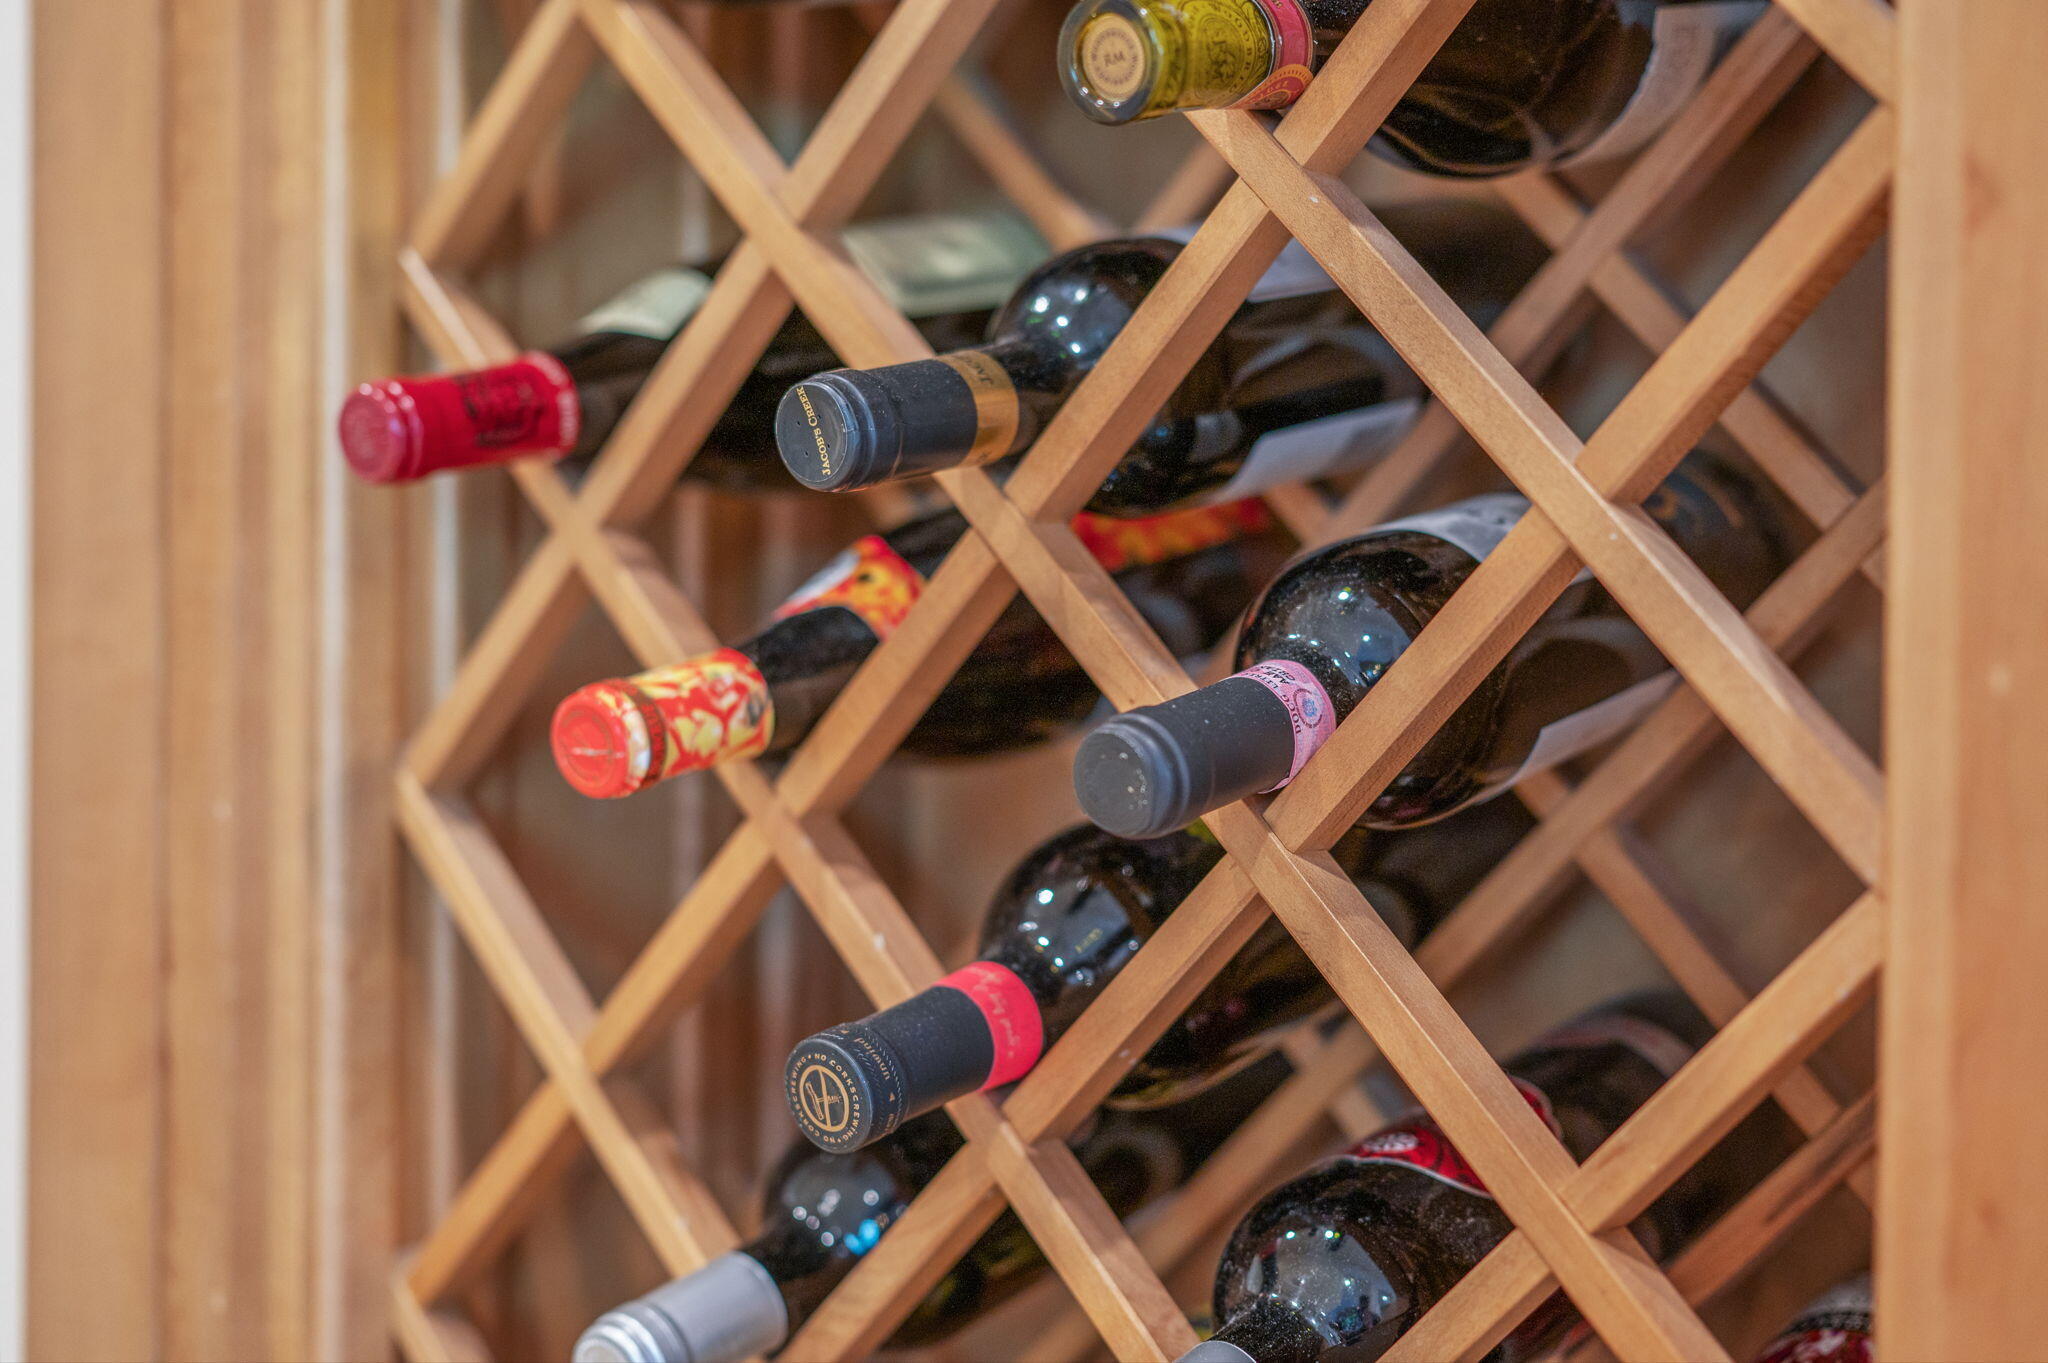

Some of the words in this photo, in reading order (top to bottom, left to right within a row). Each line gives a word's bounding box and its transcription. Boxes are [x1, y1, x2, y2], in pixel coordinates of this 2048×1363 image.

[796, 386, 818, 427] CREEK
[813, 428, 832, 476] JACOB'S
[1280, 694, 1302, 735] DOCG
[814, 1053, 828, 1062] NO
[854, 1037, 891, 1081] unwind
[829, 1060, 861, 1141] CORKSCREWING
[823, 1135, 837, 1144] NO

──────

EXERCISE: Copy the preceding data in full and word for word, dropping its pictures.

WRITTEN ANSWER:
Some of the words in this photo, in reading order (top to bottom, left to right within a row). Each line gives a word's bounding box and its transcription. Boxes are [x1, y1, x2, y2], in pixel coordinates of this 2048×1363 image.

[796, 386, 818, 427] CREEK
[813, 428, 832, 476] JACOB'S
[1280, 694, 1302, 735] DOCG
[814, 1053, 828, 1062] NO
[854, 1037, 891, 1081] unwind
[829, 1060, 861, 1141] CORKSCREWING
[823, 1135, 837, 1144] NO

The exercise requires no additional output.